Monday, June 17, 2013

When comedy is not at all funny

On the same day Sports Illustrated ran this excellent guest column by Steve Gleason, two Atlanta DJs and a third employee were fired for mocking his ALS affliction.

My immediate reaction was, "good." But after talking with two journalist friends about it, I had to re-examine my feelings a bit. One of them reminded me that shows like The Simpsons and Family Guy routinely feature Stephen Hawking-type characters for laughs, something I've never objected to before. The questions became: 1) Was the suspension out of line with free speech? 2) Is Gleason impervious to spoofery in a way that Hawking isn't? 3) Were we, as outsiders, being oversensitive in a way that a public figure might not be? 4) Had any of us heard the actual bit before passing judgment? Let's take these one by one, as I see them:

1) Was the firing out of line with free speech?

No, it was not. Freedom of speech does not equal freedom from the consequences of that speech. Now whether the punishment was appropriate, that's a better debate. I'll save it for the final question.

2) Is Gleason impervious to spoofery in a way that Hawking isn't?

No, he isn't. But the devil is in the details. When you see Hawking play himself on The Simpsons or see a similar character on Family Guy, consider where the jokes lie. Respectively, it's Hawking being a funny guy and a professor who uses his monotone computer voice to express excitement, sarcasm and boastfulness. (Years ago, my friend had a program that read her e-mails over the phone. I sent her one where the voice pleaded with her to hold him. Same gag, no disabilities involved.) In neither case is the ALS affliction the butt of the joke; the closer it gets to ALS, the less amusing it is.

The Gleason mockery was all about his ALS. He had nothing to do with the bit, and its entire basis for being was that he struggles to communicate. It also badly misrepresented that struggle, given that Gleason isn't prone to randomly spewing knock-knock jokes. At the very least, the mockery should be accurate. 

3) Were we, as outsiders, being oversensitive in a way that a public figure might not be?

Perhaps. One of my friends argued that Gleason, being the witty and sometimes self-deprecating guy that he is, would just laugh it off. But regardless of how he takes it, I (and every other listener) have a right to be offended and upset by it. Similarly, the station had a right to make a personnel decision via its own instinct. 

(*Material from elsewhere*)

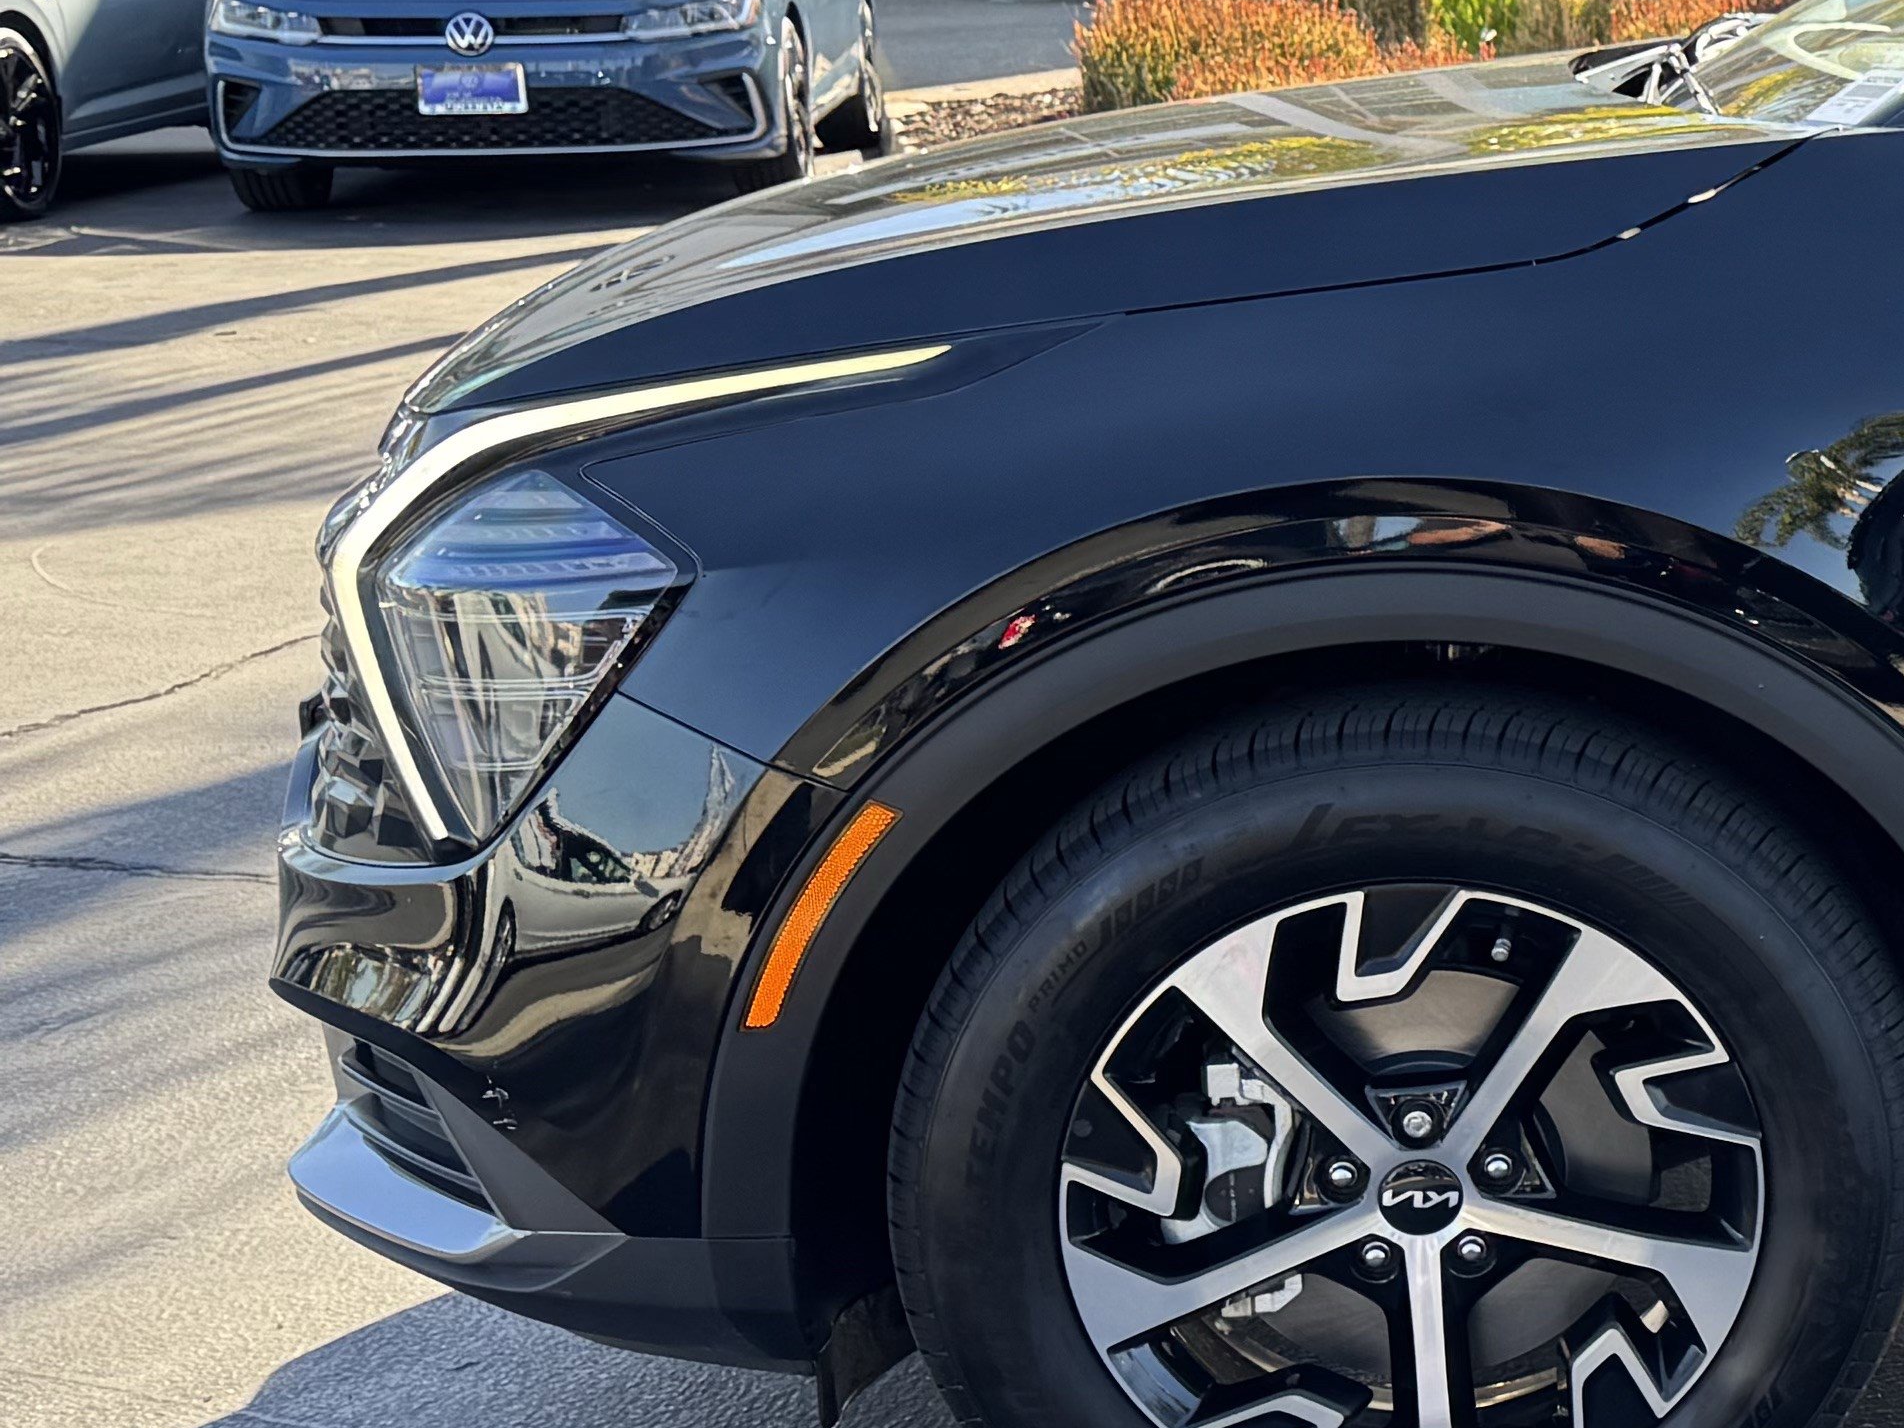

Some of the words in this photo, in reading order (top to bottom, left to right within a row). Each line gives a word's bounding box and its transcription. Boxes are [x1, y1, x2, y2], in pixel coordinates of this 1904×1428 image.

4) Had any of us heard the actual bit before passing judgment? 

Admittedly, no. Much of our outrage was based on the much-reported quote that fake Steve didn't know if he'd be alive next week. But then I found an audio link to the bit and it was far worse than I'd imagined. Not because the DJs were cruel and unforgiving — but because they were cruel, unforgiving and horribly unfunny

As a student of humor, I believe that nothing is off-limits if it works — a solid gag will transcend any taboo. That said, however, joking about things out of a target's control is almost always too mean to work. Aspects such as race, disability and even appearance require a delicate touch that's rare in the type of shock jock most likely to work those angles. If there's even a hint of genuine hostility toward the targets, the joke is derailed entirely. It's touchy territory at best, which is why only a handful of well-known comedians get a free pass for delving in it. And even then, they have to elicit big laughs every time or face a backlash.

These DJs made that long-shot gamble and came up short. Should they have been fired for missing the mark? No; comedy is always hit-or-miss. But professionals of their stature are supposed to know what risks are worth taking for the payoff, and they failed astonishingly in that regard. That poor judgment goes far beyond a single comedy bit, and it's for that reason that termination is a fair punishment.

They had to be funny. They could have been mean-funny. But unfunny and mean is just plain mean.

UPDATE (6/19/13): I got called out, indirectly, on another blog for an alleged double standard on this one. The blogger cited my defense of The Onion after it tweeted that really terrible remark about Quvenzhan√© Wallis as proof that my stance on comedy changes depending on who's being lampooned. She suggested that I must identify more with Steve Gleason than with the child star — and that race is a factor. Frankly, that's a cheap shot that I find as surprising as it is insulting. And I don't think there is a double standard, because the jokes aren't comparable. If The Onion had mocked Wallis for being black or poor, yes — but they called this cute and sweet little girl an inappropriate (and, importantly, random) epithet to poke fun at their own (fake) rudeness. The DJs, on the other hand, attacked Gleason for having ALS. It was mean (and calculatedly so) all the way through, and there was no indication that the joke was on anyone but Gleason. Intent is everything in comedy.

The one similarity in my view is that in both cases, the comedy landed with a thud. As it should have.